Background information
- Born: 22 April 1976 (age 50) London, England
- Occupations: Singer, songwriter, musician, producer
- Instruments: Guitar, piano, flute, vocals
- Years active: 2006–present
- Member of: The Potbelleez
- Website: thepotbelleez.com

= Ilan Kidron =

Sydney-based singer and musician (born 1976)

Ilan Kidron (born 22 April 1976), also known as iKid, is a Sydney-based singer songwriter with over one billion combined streams, best known as the lead singer for Australia's multi-platinum selling dance music act The Potbelleez. As a writer he is a double ASCAP, double APRA award winner and has two Billboard Latin #1s.. Kidron co-wrote The Potbelleez breakthrough single, "Don't Hold Back", which peaked at No. 5 on the ARIA Singles Chart and was certified 3× Platinum by ARIA. Kidron has worked with artists such as Kygo, Rita Ora, Ricky Martin, Chance The Rapper, Hayden James, Chris Brown, Tommy Trash, B.o.B, Sesame Street Paul Mac and Sam La More and publishing/production companies Universal Music Publishing and Norway's Dsign Music.
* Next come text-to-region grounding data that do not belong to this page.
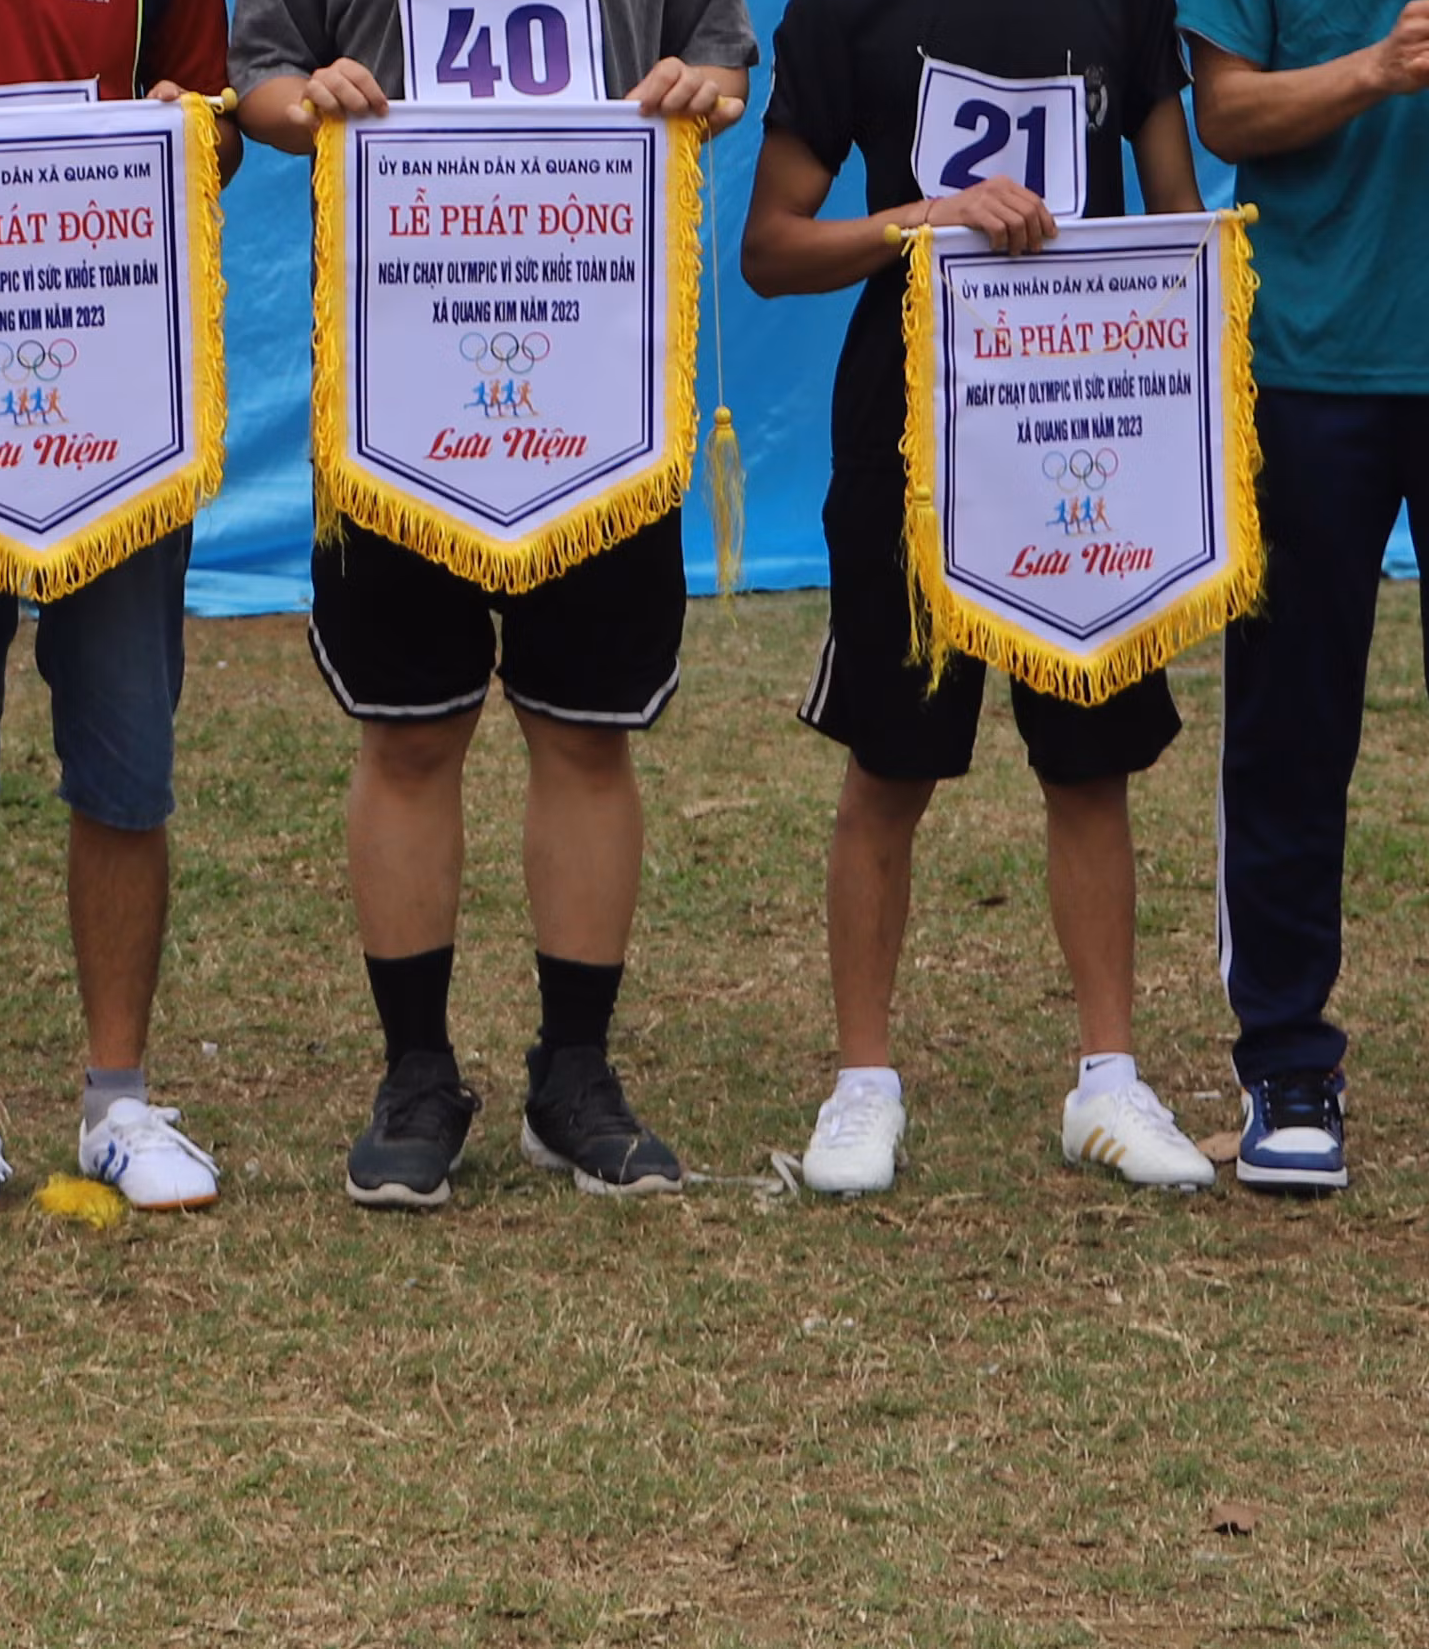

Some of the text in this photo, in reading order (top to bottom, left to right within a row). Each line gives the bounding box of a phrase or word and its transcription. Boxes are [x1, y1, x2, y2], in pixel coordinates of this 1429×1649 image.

[436, 4, 571, 98] 40
[402, 161, 432, 176] BAN
[545, 159, 600, 175] QUANG
[606, 159, 632, 174] KIM
[939, 98, 1046, 199] 21
[58, 200, 155, 251] ĐỘNG
[389, 187, 634, 243] LỄ PHÁT ĐỘNG
[447, 260, 498, 284] OLYMPIC
[451, 300, 491, 325] QUANG
[494, 300, 517, 323] KIM
[551, 300, 580, 322] 2023
[973, 310, 1190, 362] LỄ PHÁT ĐỘNG
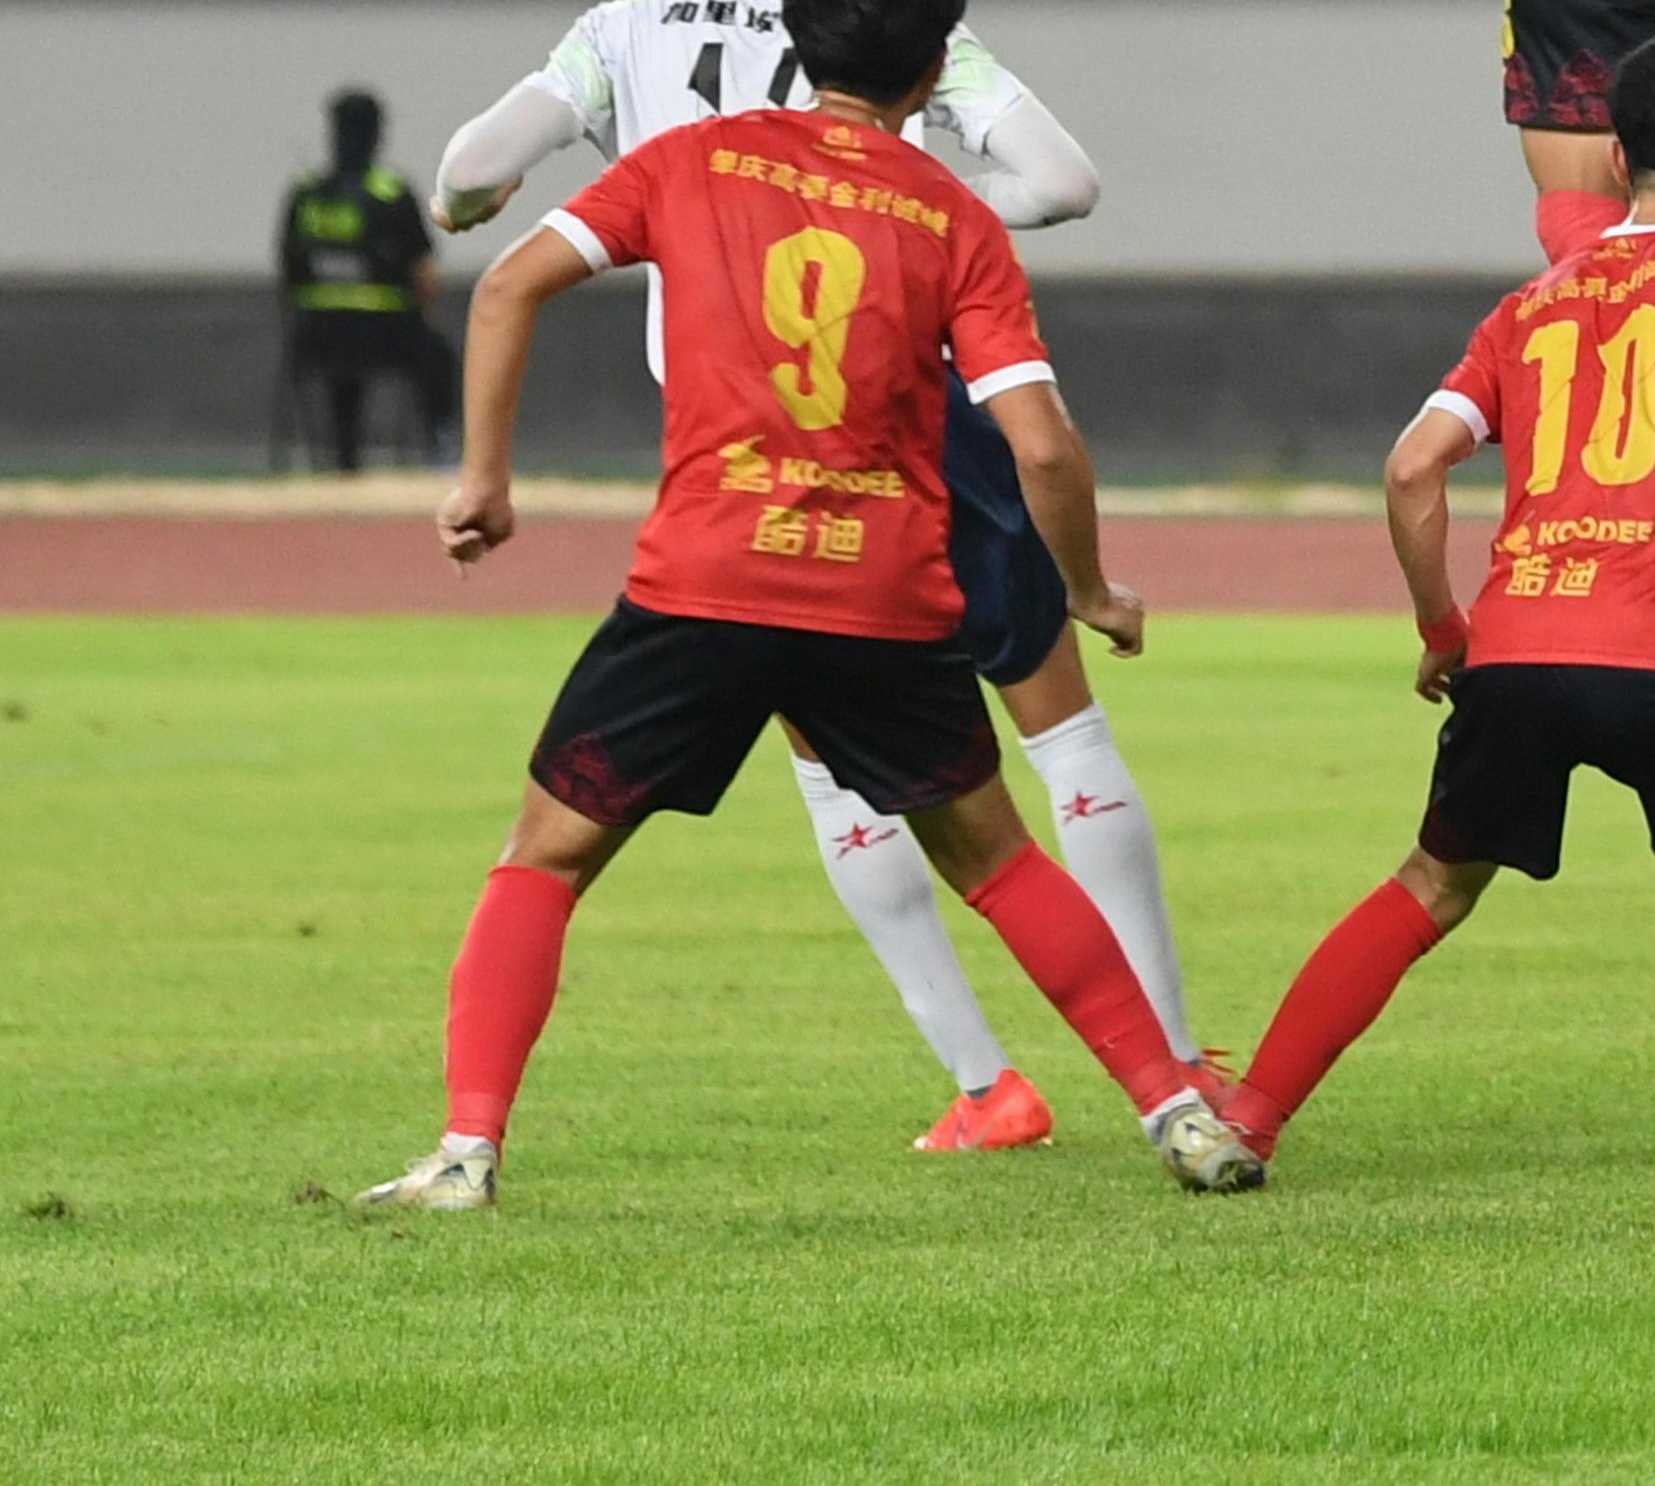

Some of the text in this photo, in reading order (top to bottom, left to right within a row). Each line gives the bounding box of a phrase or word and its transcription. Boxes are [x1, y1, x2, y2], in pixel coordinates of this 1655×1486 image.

[762, 225, 867, 431] 9
[751, 505, 865, 563] 酷迪
[1536, 515, 1655, 548] KOODEE
[1505, 552, 1600, 598] 酷迪
==Early life and influences==
Ilan Kidron was born on 22 April 1976 in London, England. During his school life he learned to speak fluently in several languages and, as a classical graduate from the Sydney Conservatorium of Music, Australia, is an accomplished guitarist, flautist and pianist. Kidron studied screen composition at the Australian Film, Television and Radio School and also spent time studying at the International Music Centre Ashram in Varanasi, India.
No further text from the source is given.